Task to carry out:
Copying rule for the data below: pictures stay out, and only the lines from the one with "this 1600×900 image." down to the one with "this 1365×1536 image.", inclusive, are repeated exactly.

Data:
════════

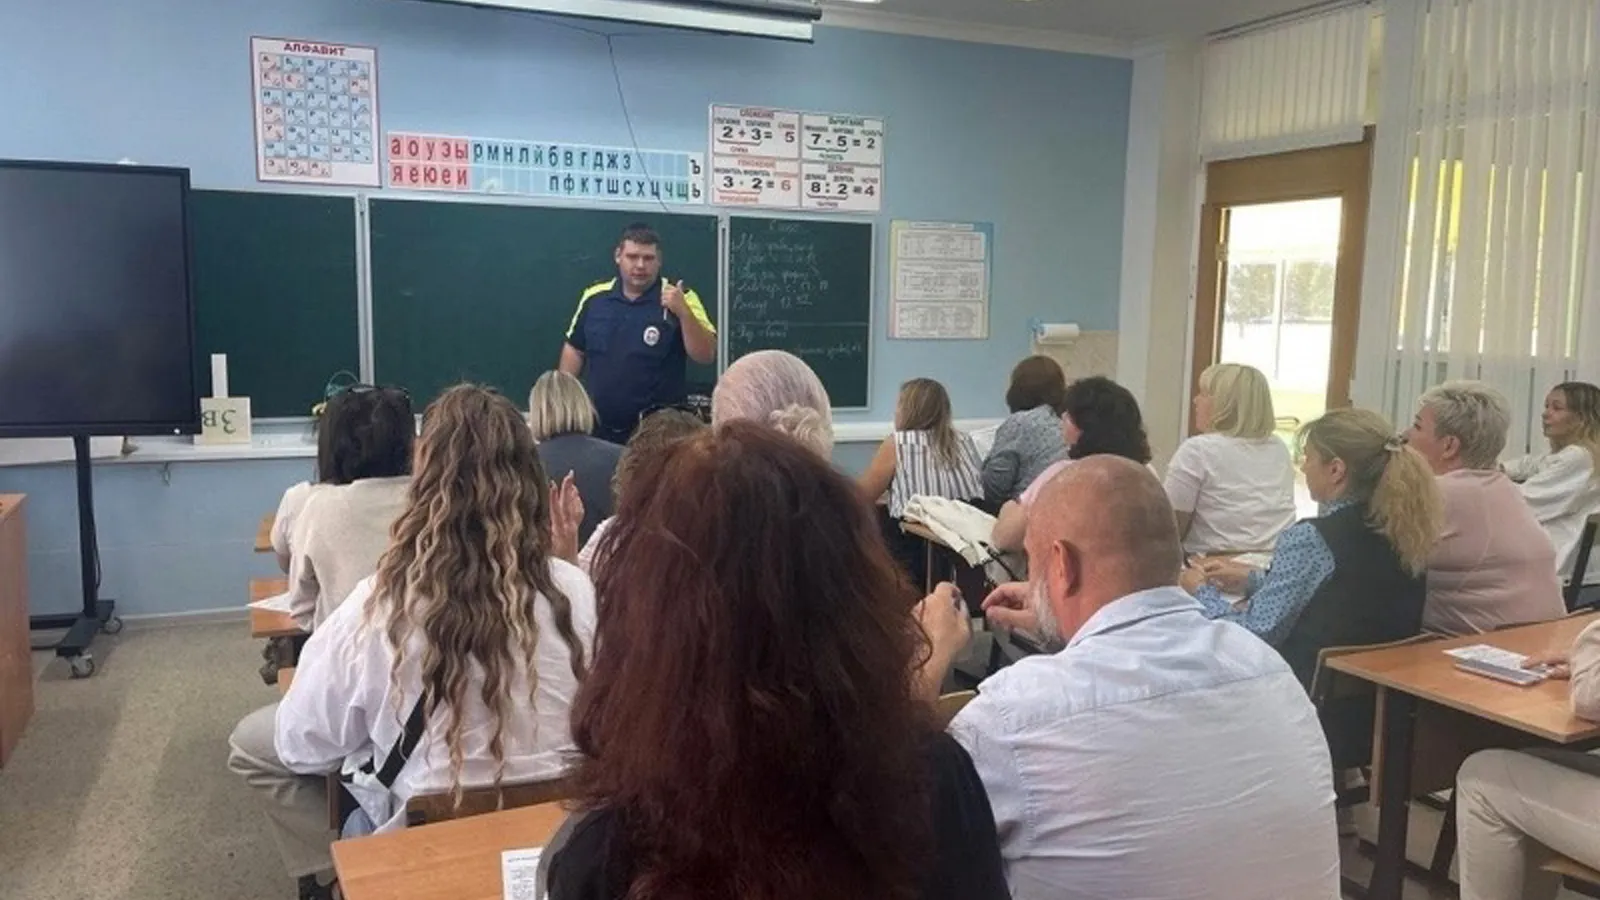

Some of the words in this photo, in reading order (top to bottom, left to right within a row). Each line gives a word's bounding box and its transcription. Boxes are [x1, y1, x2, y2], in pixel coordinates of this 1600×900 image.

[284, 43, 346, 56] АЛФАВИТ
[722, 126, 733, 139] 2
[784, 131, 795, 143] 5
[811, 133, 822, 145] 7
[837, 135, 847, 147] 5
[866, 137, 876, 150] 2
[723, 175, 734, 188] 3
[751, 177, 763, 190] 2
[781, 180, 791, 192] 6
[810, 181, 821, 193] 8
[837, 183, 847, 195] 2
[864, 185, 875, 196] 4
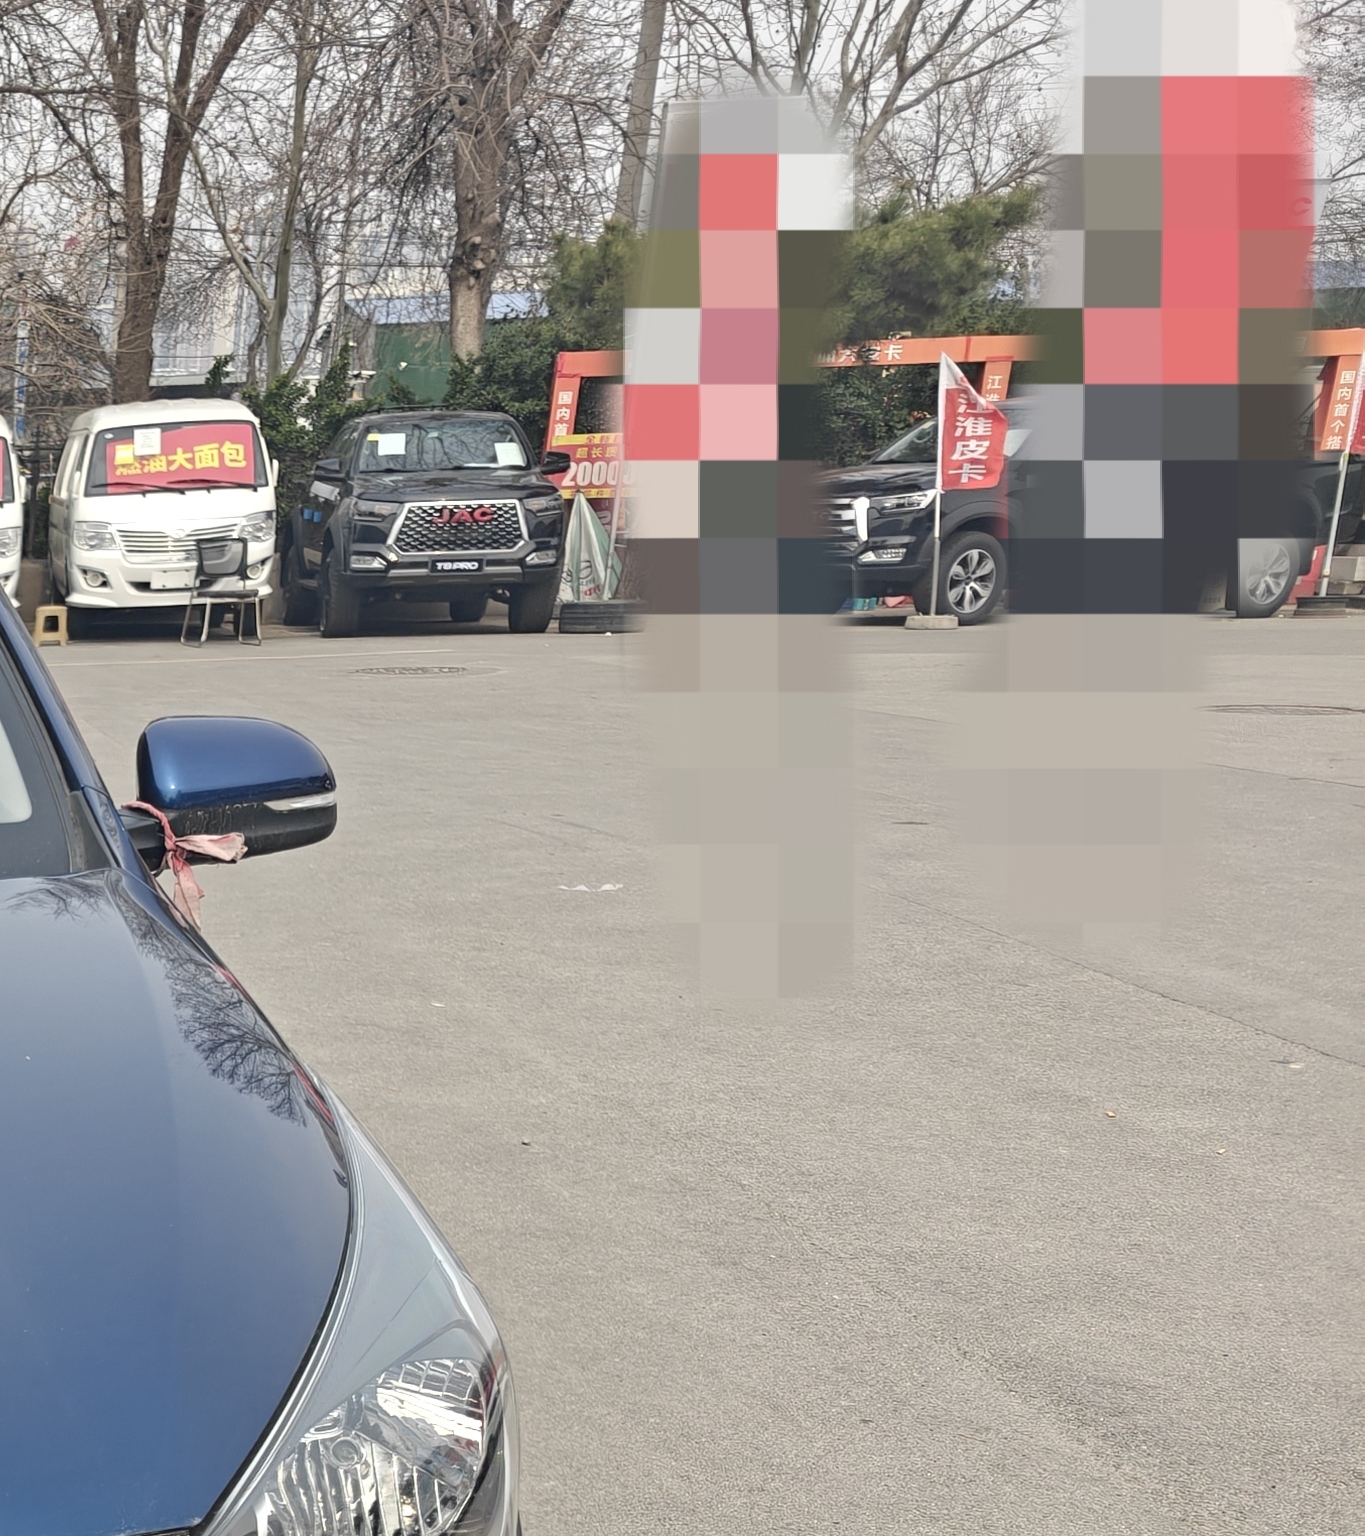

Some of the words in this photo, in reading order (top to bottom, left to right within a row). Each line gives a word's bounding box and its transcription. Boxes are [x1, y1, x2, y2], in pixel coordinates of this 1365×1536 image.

════════

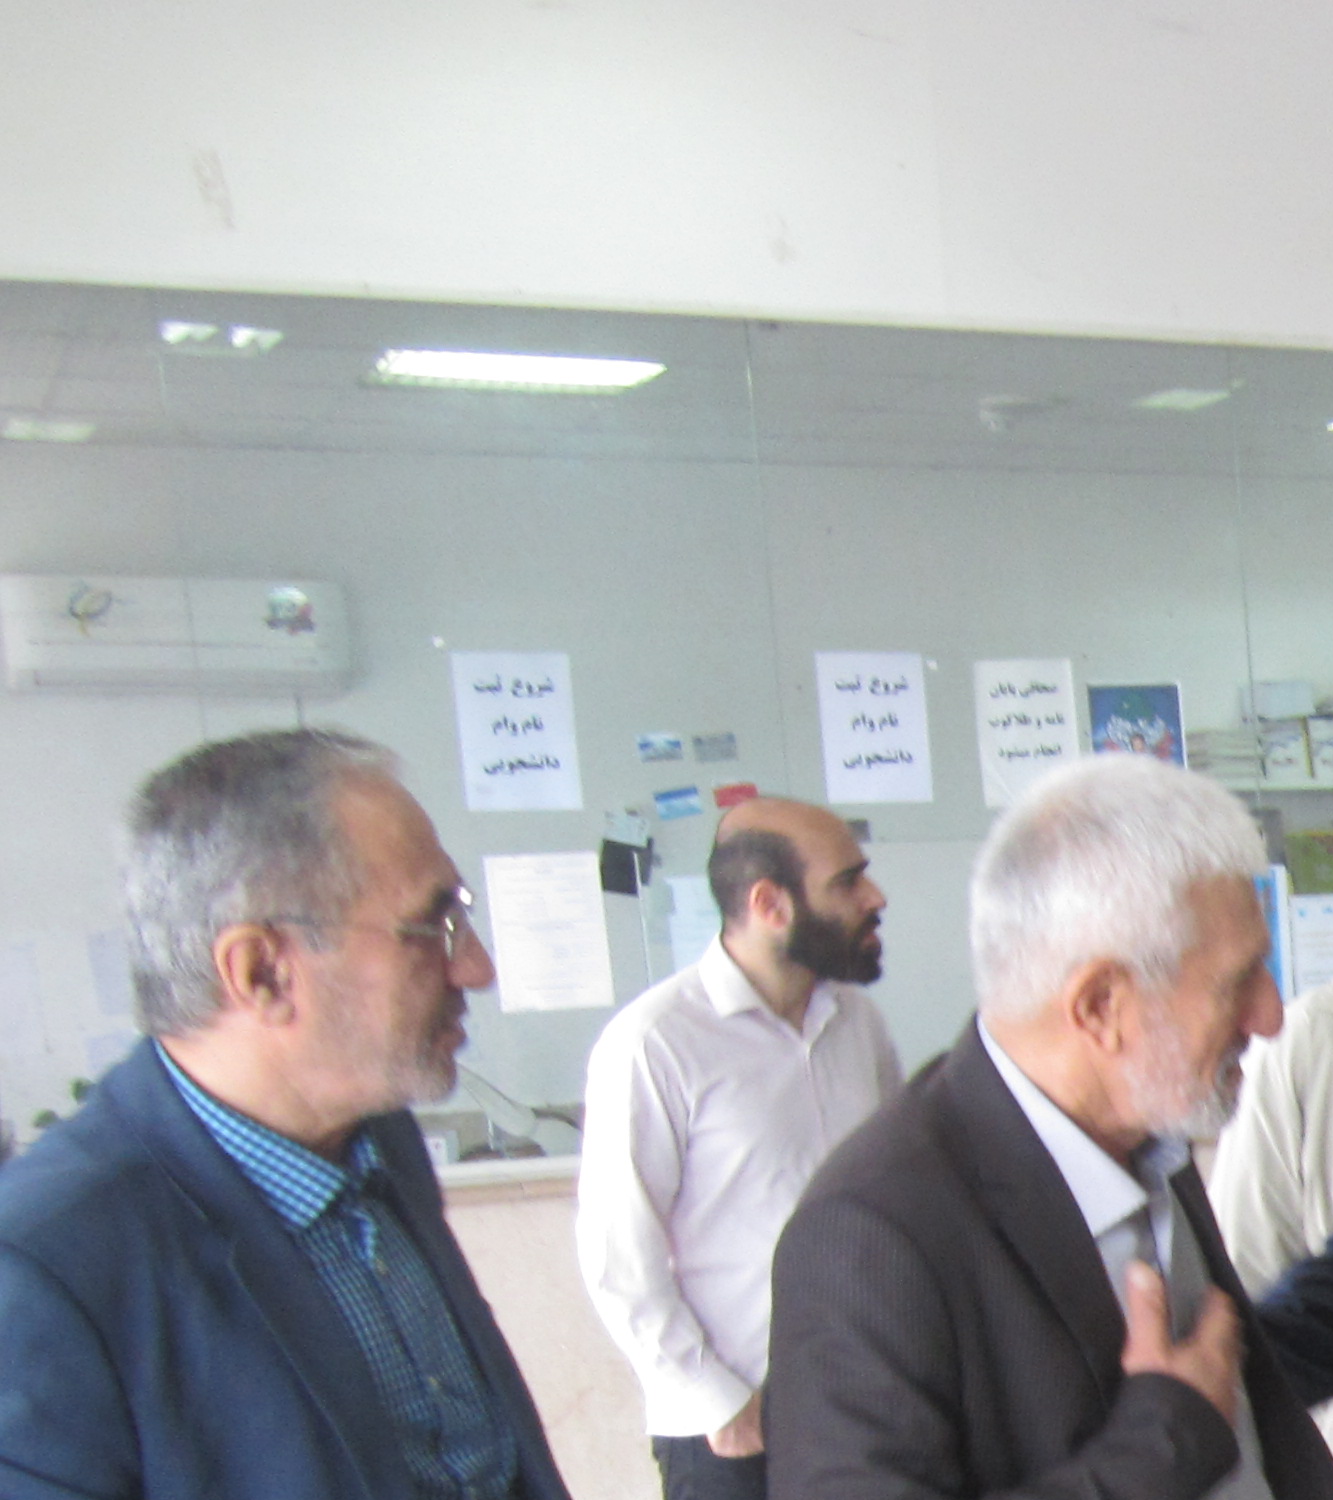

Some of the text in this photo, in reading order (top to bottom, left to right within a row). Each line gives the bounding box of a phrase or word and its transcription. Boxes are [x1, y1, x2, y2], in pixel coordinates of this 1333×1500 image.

════════

Exercise solution:
Some of the words in this photo, in reading order (top to bottom, left to right within a row). Each line gives a word's bounding box and its transcription. Boxes are [x1, y1, x2, y2], in pixel coordinates of this 1600×900 image.

[284, 43, 346, 56] АЛФАВИТ
[722, 126, 733, 139] 2
[784, 131, 795, 143] 5
[811, 133, 822, 145] 7
[837, 135, 847, 147] 5
[866, 137, 876, 150] 2
[723, 175, 734, 188] 3
[751, 177, 763, 190] 2
[781, 180, 791, 192] 6
[810, 181, 821, 193] 8
[837, 183, 847, 195] 2
[864, 185, 875, 196] 4

Some of the words in this photo, in reading order (top to bottom, left to right within a row). Each line gives a word's bounding box and its transcription. Boxes are [x1, y1, x2, y2], in pixel coordinates of this 1365×1536 image.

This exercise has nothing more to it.